The way @notjack phrased it, it’s actually addressing a question I asked, about who are we aiming for and how popular (sorry) do we really want Racket to be?

IIUC it’s saying, there are people who are interested in Racket, start to try it, and the parens are just too much. We want to keep those people.

I mean, honestly, I’m having trouble visualizing who those people are. I’m really curious to learn more about that. But, I mean, at least it’s moving in the direction of having a more-specific picture of who we’re aiming at. What attracted them to Racket? What including but not limited to the parens pushed them away?

Having that picture is helpful to guide people doing the work, and, to help explain the work.

Like, did some of these people know going in that Racket used a lispy syntax, but were so interested in possible benefits X Y Z that they started to try it anyway? If so, that is super interesting.

It’s not just about eliminating objections/negatives (which IME is rarely sufficient; instead it’s usually a never-ending game of whack a mole).

It’s validating what the positive things are, that are attracting people.

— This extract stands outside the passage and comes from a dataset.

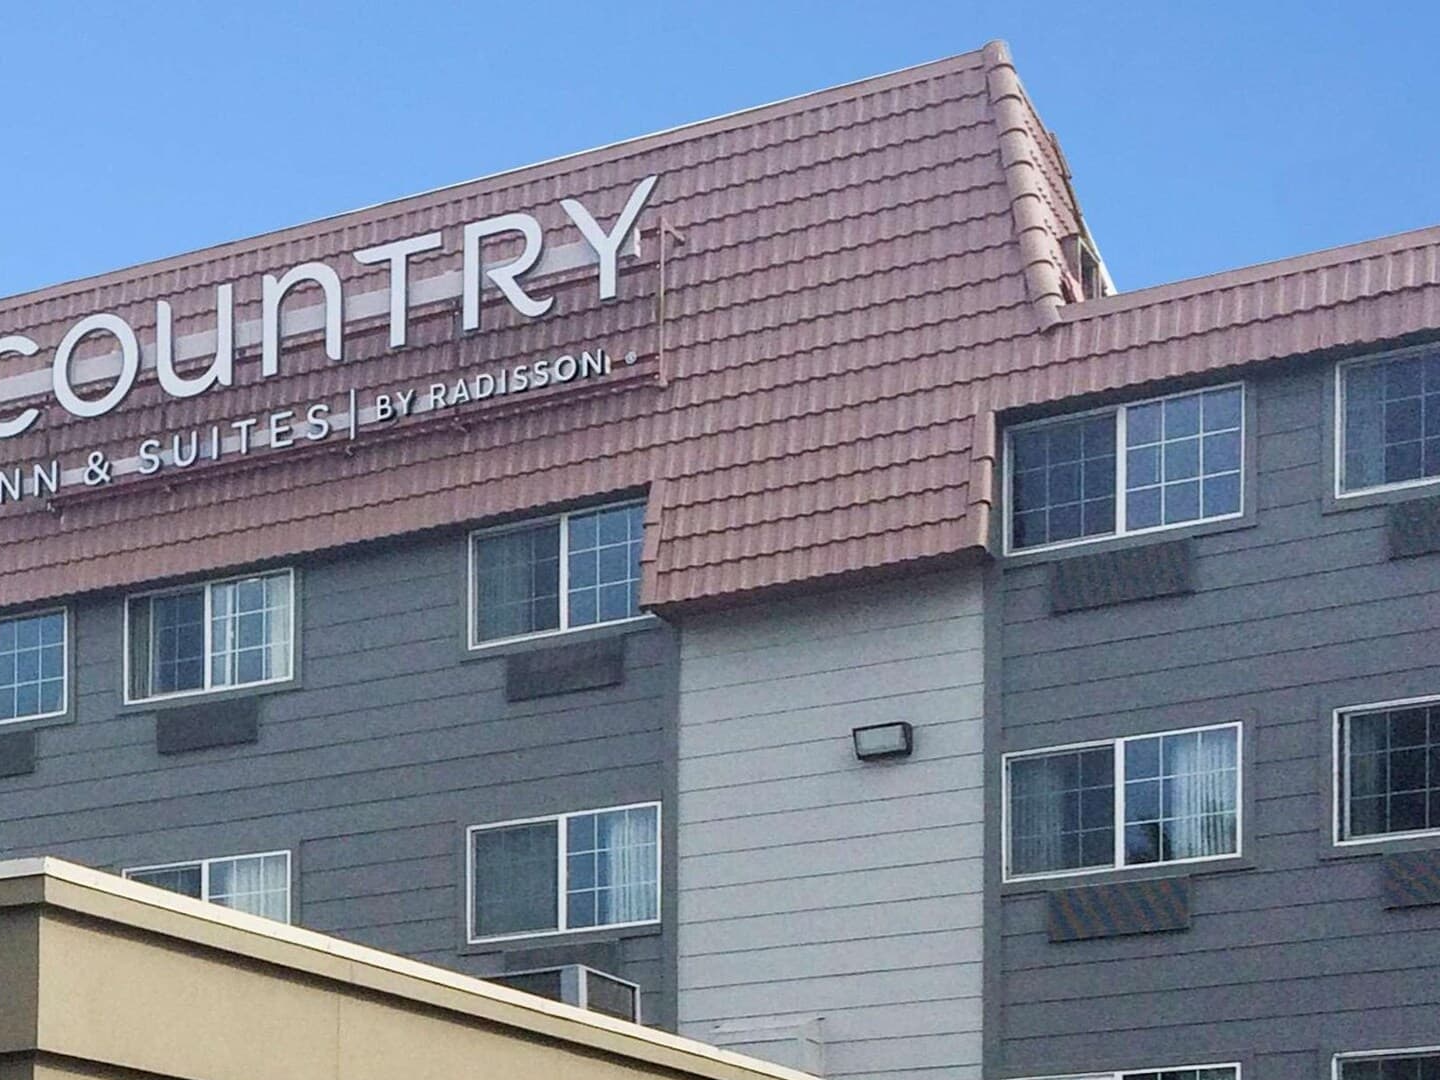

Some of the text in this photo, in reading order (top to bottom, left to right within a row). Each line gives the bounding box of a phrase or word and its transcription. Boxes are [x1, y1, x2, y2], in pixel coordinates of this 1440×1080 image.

So, how can we make those even better? How can we get the message out, about those, even more effectively?

Which I think in the end is where any real growth comes from.

https://racket.slack.com/archives/CLKGAC44X/p1563810853066400 @mflatt What if a Chez->WASM compiler existed? Or some of us could cause it to exist, through some combination of finding funding and hands-on working? Would that make Racket->WASM much easier, or just a little? (I know you’re super busy, I’m just brain-storming, and definitely not asking you to make anything but a seat-of-the-pants, no-promises guesstimate.)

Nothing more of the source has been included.